EXERCISE PROMPT >>
Leave every picture out, and retype all the remaining records exactly.

[[ EXERCISE DATA, beginning ]]

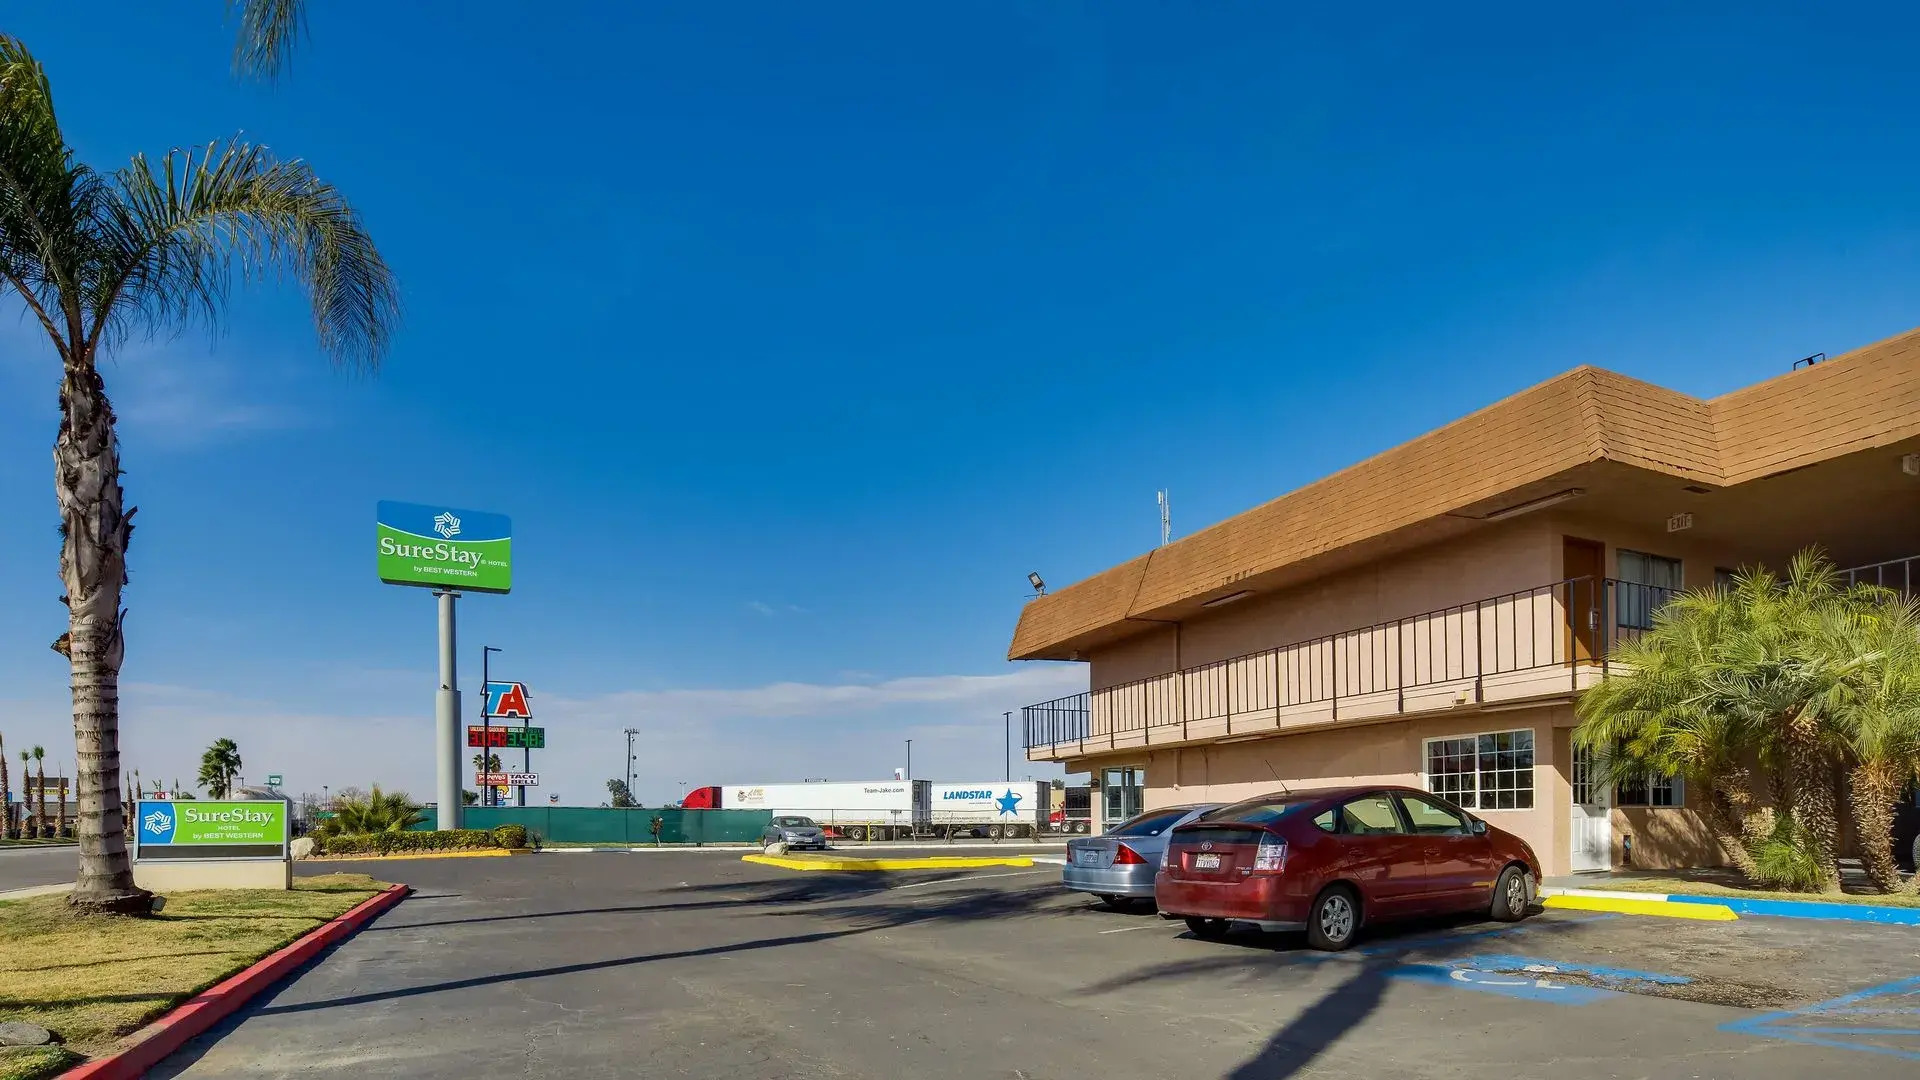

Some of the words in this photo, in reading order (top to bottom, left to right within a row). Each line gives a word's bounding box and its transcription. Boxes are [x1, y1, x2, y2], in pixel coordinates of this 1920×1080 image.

[1671, 514, 1688, 529] EXIT
[380, 537, 483, 569] SureStay
[413, 565, 423, 573] by
[423, 566, 443, 574] BEST
[443, 568, 478, 577] WESTERN
[481, 681, 532, 718] TA
[943, 790, 993, 800] LANDSTAR
[185, 808, 273, 827] SureStay
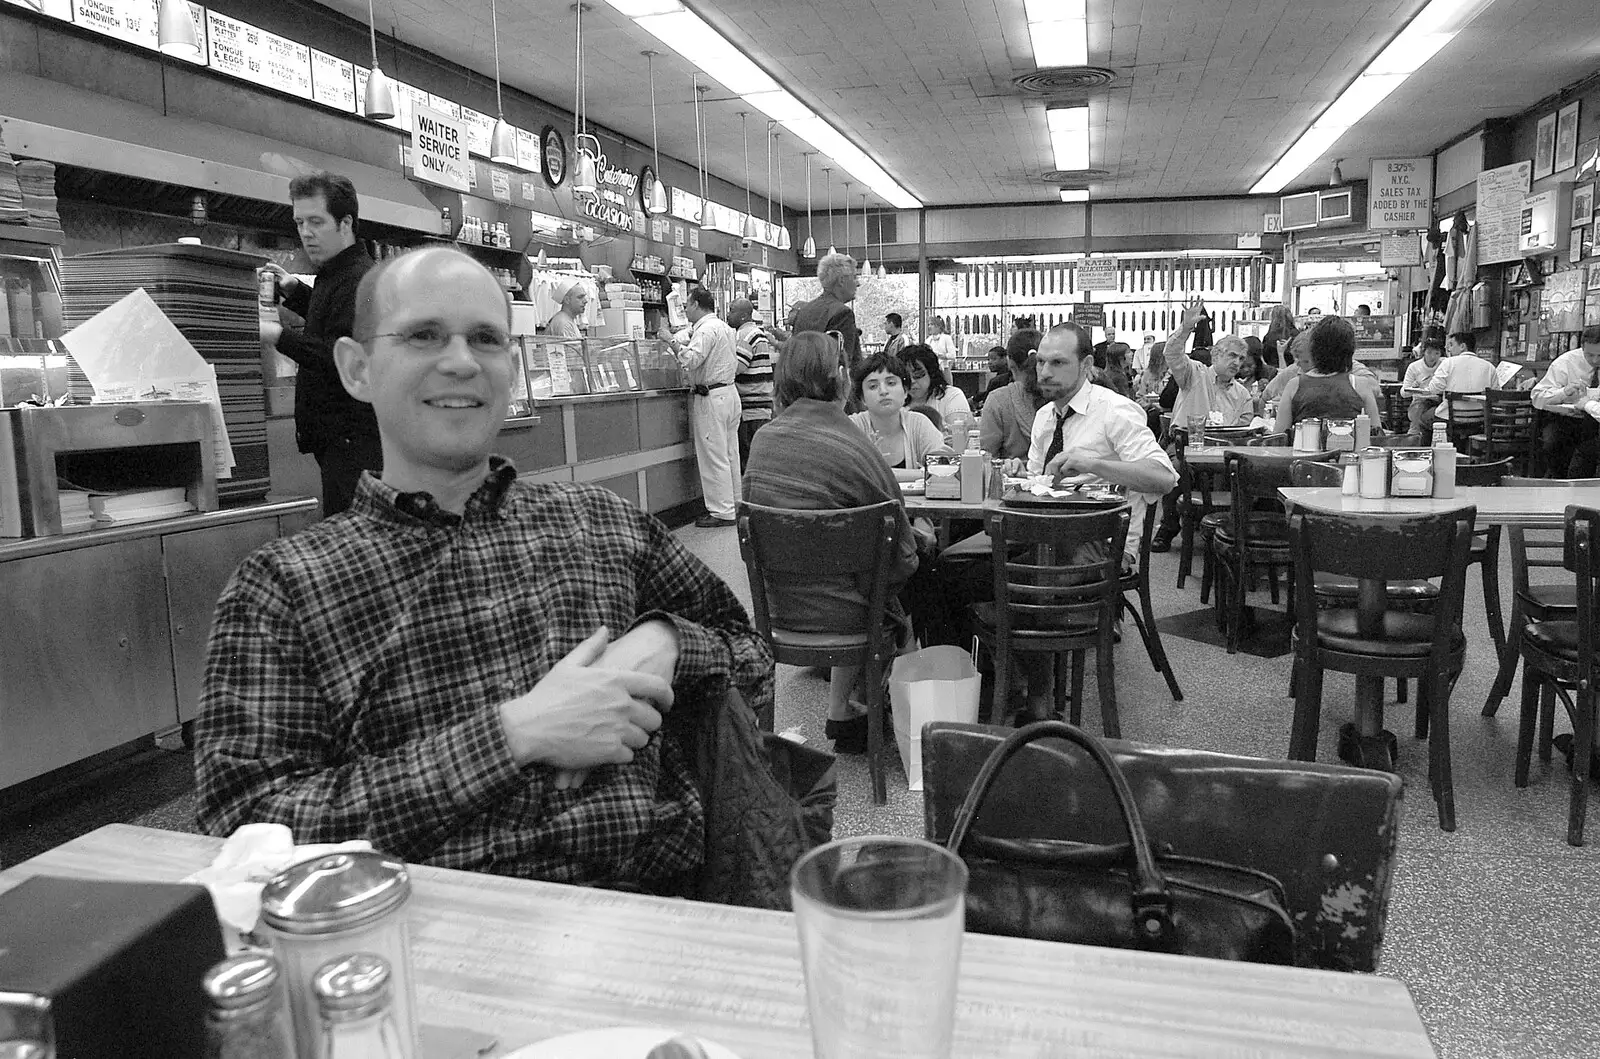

[[ EXERCISE DATA, end ]]

WRITTEN RESPONSE >>
Some of the words in this photo, in reading order (top to bottom, left to right within a row). Each line gives a word's bounding box and its transcription. Boxes are [x1, y1, x2, y2], in pixel coordinates of this 1920×1080 image.

[1671, 514, 1688, 529] EXIT
[380, 537, 483, 569] SureStay
[413, 565, 423, 573] by
[423, 566, 443, 574] BEST
[443, 568, 478, 577] WESTERN
[481, 681, 532, 718] TA
[943, 790, 993, 800] LANDSTAR
[185, 808, 273, 827] SureStay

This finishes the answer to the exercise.